Across Ohio counties with available NCES district-finance data, average per-pupil spending is $7,994. The highest current county values are Monroe County ($11,634), Athens County ($9,684), and Cuyahoga County ($9,586). Compare counties in the table before treating the statewide average as representative of a local district.
How should I read the school score in Madison County?
Madison County has a school score of 41/100, which is a midrange measured signal in this county-level index. This score is calculated from available NCES graduation-rate and school-finance data, with school-level records shown separately below.
What is the graduation rate in Madison County?
The high school graduation rate in Madison County is 88.3%, which is above the national average of 87.5%. This figure is based on NCES district-level data for public high schools in the county.
How much does Madison County spend per student?
Madison County spends $7,048 per pupil annually on public education, based on NCES district finance data. Current operating spending per fall enrollment, including instruction, support services, administration, transportation, and operations. It excludes capital outlays and debt service in the SchoolsByCounty methodology.

Frequently Asked Questions

Schools in Madison County, Ohio — FAQ

What does the school system look like in Madison County, Ohio?

Madison County maintains a compact education infrastructure with 18 public schools serving 7,057 students across six districts. The system includes five elementary, six middle, and six high schools, creating a balanced pipeline for local families.

What are the major school districts in Madison County, Ohio?

Jonathan Alder Local is the largest district with 2,265 students, followed closely by London City's 2,117 students.
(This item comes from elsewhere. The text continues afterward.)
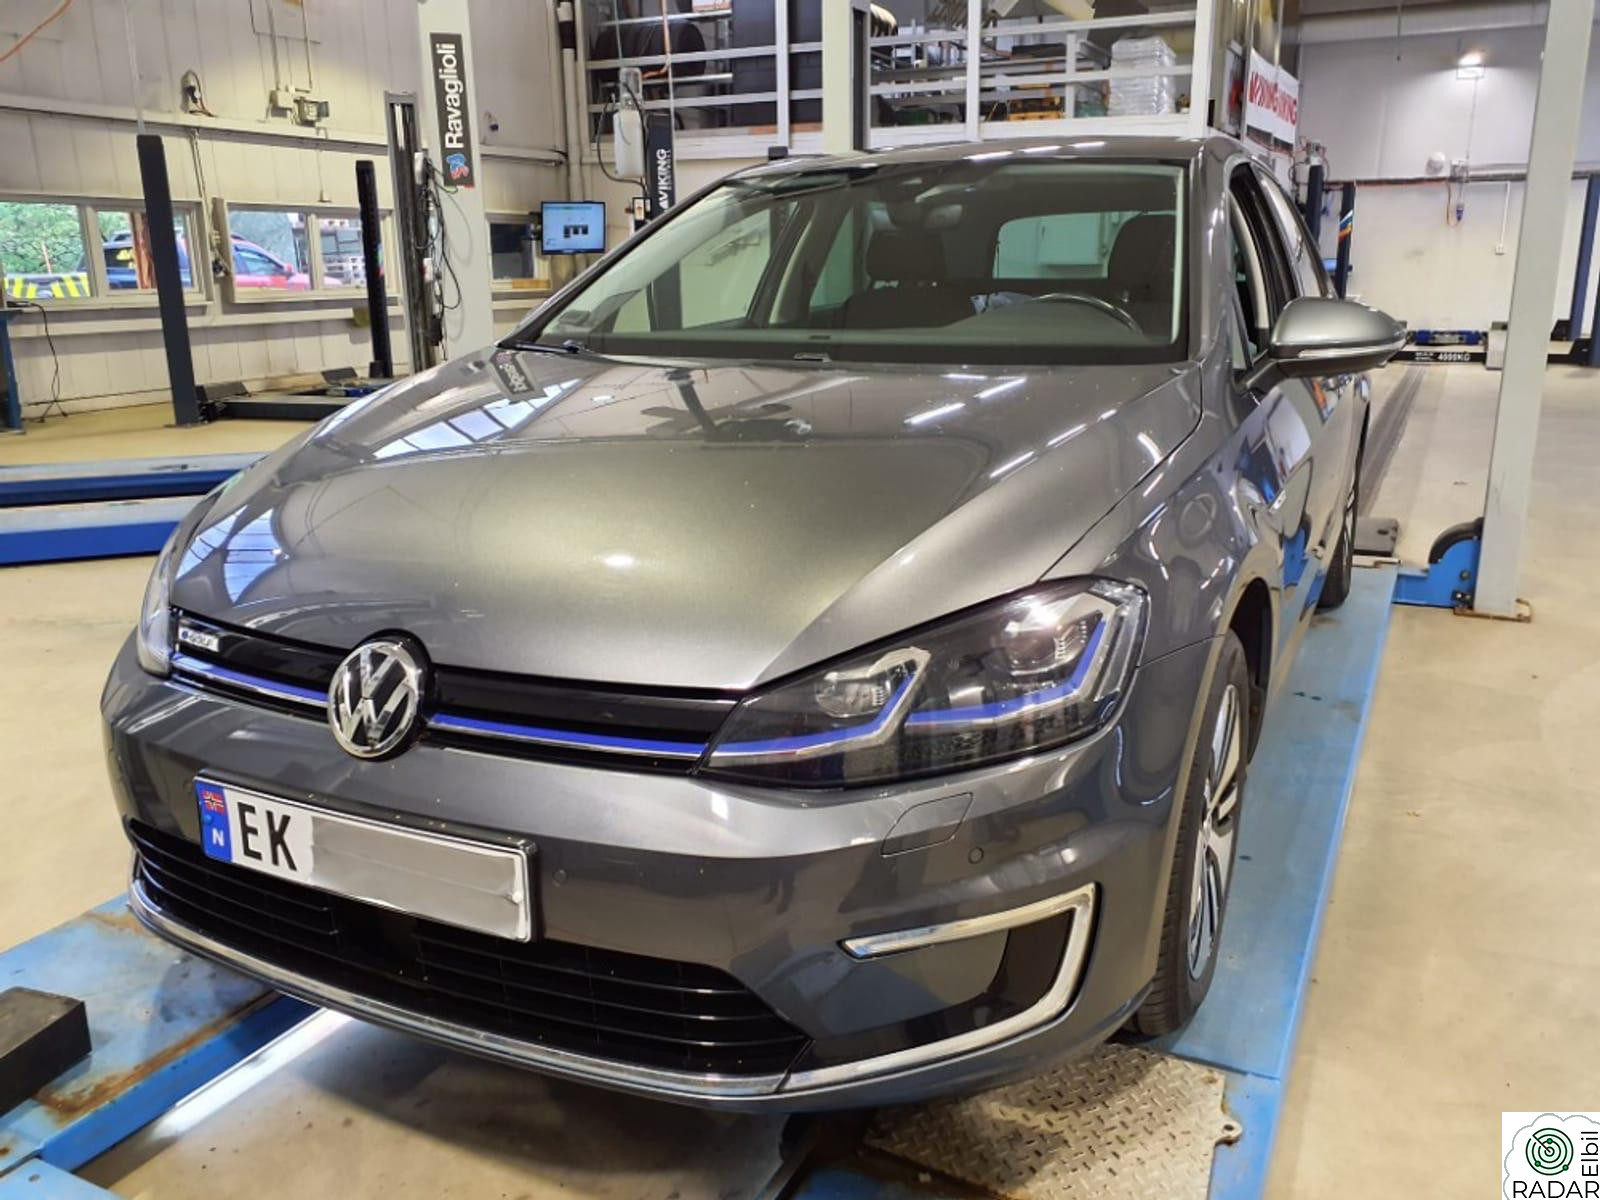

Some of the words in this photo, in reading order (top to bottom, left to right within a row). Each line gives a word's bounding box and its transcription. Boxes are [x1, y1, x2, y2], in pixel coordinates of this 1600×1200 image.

Charter schools represent a small fraction of the landscape, with only one such institution serving 5.6% of total schools.

What is the school experience like in Madison County?

Most of the county's 18 schools are located in rural settings, with average enrollment hovering around 392 students. London Elementary is the largest facility with 916 students, while five other schools operate in more centralized town locales.

Counties with Similar School Profile

By Evan Brooks, Data EditorUpdated Reviewed by Evan Brooks, Data Editor

Data Sources

Education data sourced from the National Center for Education Statistics (NCES) Common Core of Data and School District Finance Survey. School scores are derived composite metrics based on available NCES graduation-rate and school-finance signals.

Data is informational only. Coverage varies by county and reporting year. Not for use as the sole basis for educational decisions.